United States District Court, S.D. New York

January 16, 2014

RENEE P. BRAVO, Petitioner,
v.
Superintendent DAVID M. UNGER, Respondent.

MEMORANDUM DECISION

VINCENT L. BRICCETTI, District Judge.

Before the Court is Magistrate Judge Paul E. Davison's Report and Recommendation ("R&R"), dated October 21, 2013 (Doc. #31), on petitioner Renee P. Bravo's petition for a writ of habeas corpus. Judge Davison recommended the Court dismiss the petition without prejudice.

For the following reasons, the Court adopts the R&R. Petitioner's request for leave to amend his petition is DENIED, and the petition is DISMISSED without prejudice.

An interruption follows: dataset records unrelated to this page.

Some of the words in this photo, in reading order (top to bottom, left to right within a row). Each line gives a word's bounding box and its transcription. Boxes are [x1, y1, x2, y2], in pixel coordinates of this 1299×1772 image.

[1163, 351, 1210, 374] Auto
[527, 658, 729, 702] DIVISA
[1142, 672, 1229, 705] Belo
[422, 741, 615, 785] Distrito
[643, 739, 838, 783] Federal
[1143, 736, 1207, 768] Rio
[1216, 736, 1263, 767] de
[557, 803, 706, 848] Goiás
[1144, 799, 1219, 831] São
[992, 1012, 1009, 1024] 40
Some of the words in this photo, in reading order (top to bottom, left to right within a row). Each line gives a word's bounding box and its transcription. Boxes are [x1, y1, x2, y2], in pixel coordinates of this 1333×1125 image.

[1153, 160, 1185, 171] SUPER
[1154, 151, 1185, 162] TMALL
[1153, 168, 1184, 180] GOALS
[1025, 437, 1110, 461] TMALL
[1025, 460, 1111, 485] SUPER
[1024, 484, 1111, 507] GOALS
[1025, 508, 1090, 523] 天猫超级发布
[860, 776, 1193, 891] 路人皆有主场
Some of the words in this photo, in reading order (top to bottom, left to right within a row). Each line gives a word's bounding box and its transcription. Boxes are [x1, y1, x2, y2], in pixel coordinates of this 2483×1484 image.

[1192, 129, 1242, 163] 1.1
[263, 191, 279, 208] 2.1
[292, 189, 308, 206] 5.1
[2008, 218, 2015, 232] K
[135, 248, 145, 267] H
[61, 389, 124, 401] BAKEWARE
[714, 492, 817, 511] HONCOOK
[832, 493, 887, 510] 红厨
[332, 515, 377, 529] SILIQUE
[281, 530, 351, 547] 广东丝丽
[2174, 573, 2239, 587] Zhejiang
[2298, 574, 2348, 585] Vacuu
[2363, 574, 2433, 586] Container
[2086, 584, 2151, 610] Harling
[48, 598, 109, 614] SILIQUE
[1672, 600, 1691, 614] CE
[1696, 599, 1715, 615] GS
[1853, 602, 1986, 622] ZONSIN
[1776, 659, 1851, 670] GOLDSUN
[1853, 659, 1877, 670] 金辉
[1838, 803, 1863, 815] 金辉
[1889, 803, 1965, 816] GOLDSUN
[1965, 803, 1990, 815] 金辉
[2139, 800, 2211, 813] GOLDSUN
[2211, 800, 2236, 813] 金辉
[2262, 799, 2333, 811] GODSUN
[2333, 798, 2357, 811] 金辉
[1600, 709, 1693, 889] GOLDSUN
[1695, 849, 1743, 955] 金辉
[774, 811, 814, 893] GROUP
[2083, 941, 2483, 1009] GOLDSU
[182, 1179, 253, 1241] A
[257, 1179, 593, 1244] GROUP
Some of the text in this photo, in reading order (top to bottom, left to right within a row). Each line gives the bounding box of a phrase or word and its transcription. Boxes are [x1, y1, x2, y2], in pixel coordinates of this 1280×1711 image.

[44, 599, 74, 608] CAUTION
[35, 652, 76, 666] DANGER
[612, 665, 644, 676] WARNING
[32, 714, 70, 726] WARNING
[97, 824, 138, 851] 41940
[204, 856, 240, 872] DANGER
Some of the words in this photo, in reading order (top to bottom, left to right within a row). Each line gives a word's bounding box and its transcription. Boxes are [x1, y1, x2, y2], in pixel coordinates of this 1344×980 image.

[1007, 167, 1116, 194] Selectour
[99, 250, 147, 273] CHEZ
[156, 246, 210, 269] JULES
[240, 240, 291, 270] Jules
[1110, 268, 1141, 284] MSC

Familiarity with the factual and procedural background of this case is presumed; the Court, therefore, recites only those facts necessary for resolution of petitioner's objections.

I. Standard of Review

A district court reviewing a magistrate judge's report and recommendation "may accept, reject, or modify, in whole or in part, the findings or recommendations made by the magistrate judge." 28 U.S.C. § 636(b)(1). Parties may raise objections to the magistrate judge's report and recommendation, but they must be "specific[, ] written, " and submitted within fourteen days after being served with a copy of the recommended disposition, Fed.R.Civ.P. 72(b)(2); 28 U.S.C. § 636(b)(1), or within seventeen days if the parties are served by mail. See Fed.R.Civ.P. 6(d).

When a party submits a timely objection to a report and recommendation, the district court reviews the parts of the report and recommendation to which the party objected under a de novo standard of review. 28 U.S.C. § 636(b)(1)(C); See also Fed.R.Civ.P. 72(b)(3). The district court may adopt those portions of the recommended ruling to which no timely objections have been made, provided no clear error is apparent from the face of the record. See Wilds v. United Parcel Serv., Inc. , 262 F.Supp.2d 163, 169 (S.D.N.Y. 2003). The clearly erroneous standard also applies when a party makes only conclusory or general objections, or simply reiterates his original arguments. See Ortiz v. Barkley , 558 F.Supp.2d 444, 451 (S.D.N.Y. 2008). As petitioner is proceeding pro se, this Court "will read [his] supporting papers liberally, and... interpret them to raise the strongest arguments that they suggest.'" Id . (quoting Burgos v. Hopkins , 14 F.3d 787, 790 (2d Cir. 1994)).

Under the Antiterrorism and Effective Death Penalty Act of 1996 ("AEDPA"), petitioner is entitled to habeas corpus relief only if he can show "the state court unreasonably' applied law as established by the Supreme Court in ruling on petitioner's claim, or made a decision that was contrary to' it." Cousin v. Bennett , 511 F.3d 334, 337 (2d Cir. 2008) (quoting 28 U.S.C. § 2254(d)(1)). The state court's determination of factual issues is presumed correct, and petitioner has "the burden of rebutting the presumption of correctness by clear and convincing evidence." 28 U.S.C. § 2254(e)(1).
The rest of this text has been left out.